Winners and Losers: Impact of the Doha Round on Developing Countries
Meeting in Hong Kong in December 2005, trade ministers from World Trade Organization member countries were unable to bridge major disagreements in virtually every area of the Doha Round negotiations. As the global trade regime has expanded to include most developing countries, the range of divergent priorities within the negotiations has widened. What would it take to produce a global trade agreement that addresses the interests of developing countries and holds the potential to lift their incomes, while at the same time offering advantages for developed countries?
Winners and Losers: Impact of the Doha Round on Developing Countries presents a new, path breaking model of global trade as a tool to analyze the potential impacts of the negotiations and underlying economic interests of the WTO’s diverse members. This new Carnegie model makes several critical innovations—notably, modeling unemployment in developing countries and separating agricultural labor markets from urban unskilled labor markets. The result is a thorough, detailed, and more accurate analysis of the impact of trade policies on both developing and developed countries.

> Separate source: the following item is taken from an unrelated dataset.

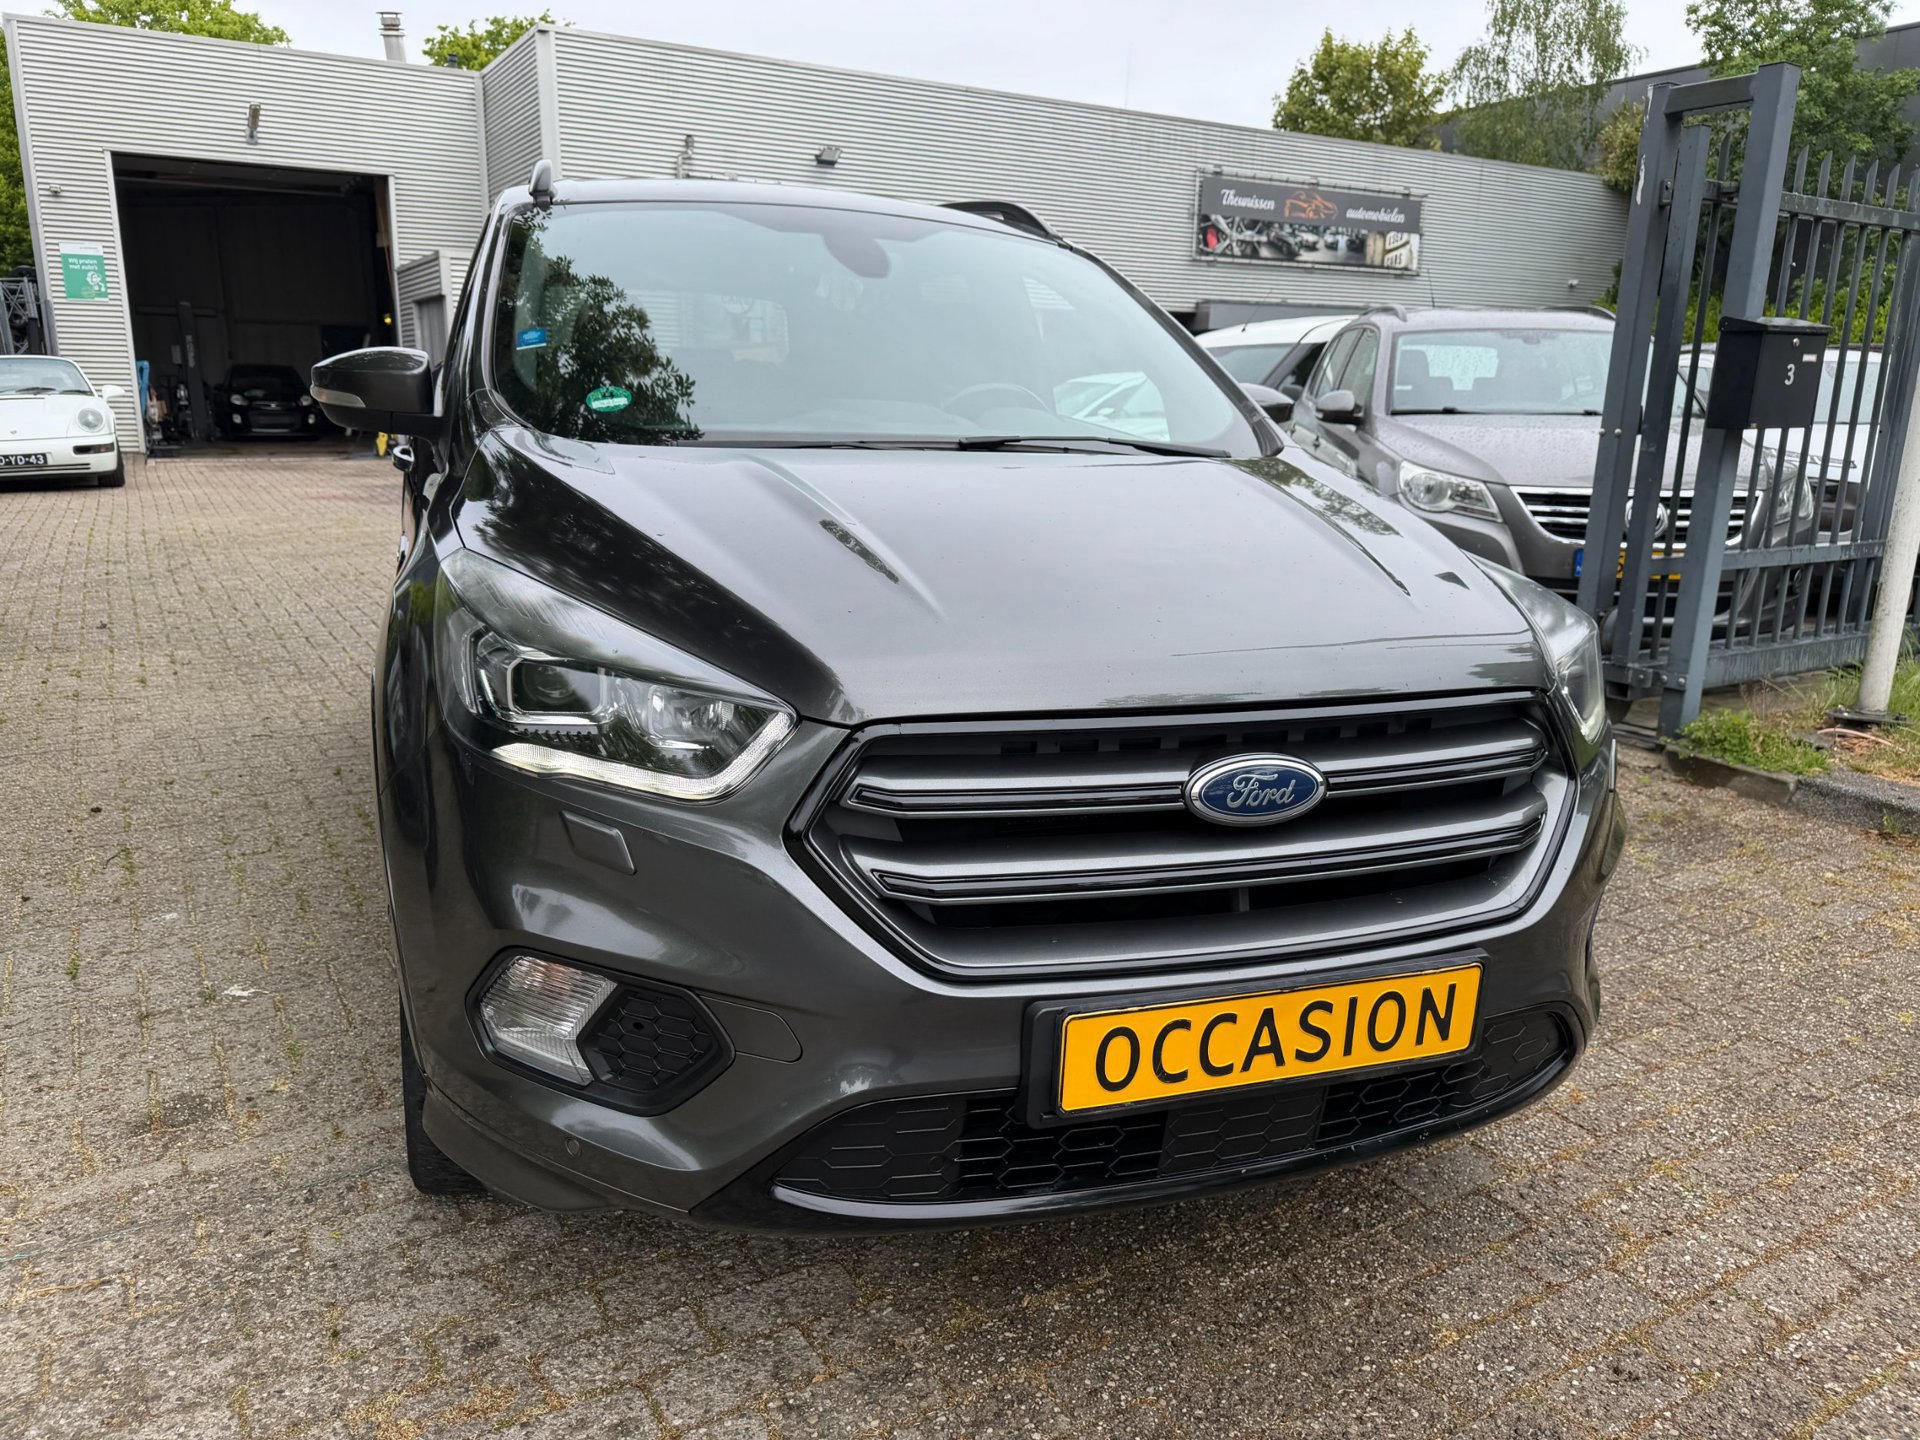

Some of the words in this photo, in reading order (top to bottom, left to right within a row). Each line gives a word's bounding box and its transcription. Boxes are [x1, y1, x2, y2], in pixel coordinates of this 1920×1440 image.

[1221, 189, 1275, 210] Theunissen
[1784, 363, 1796, 386] 3
[1226, 773, 1297, 808] Ford
[1095, 983, 1457, 1092] OCCASION

The report’s major findings are striking: any of the plausible trade scenarios will produce only modest gains for the world; agricultural trade is not a panacea for most poor countries; the poorest countries may actually lose from any agreement; and additional special measures will be needed to ensure that the least developed countries succeed. The full document includes technical specifications of the Carnegie model, simulation results, a wealth of regional and national data, over 50 full color charts and graphs, policy implications and recommendations.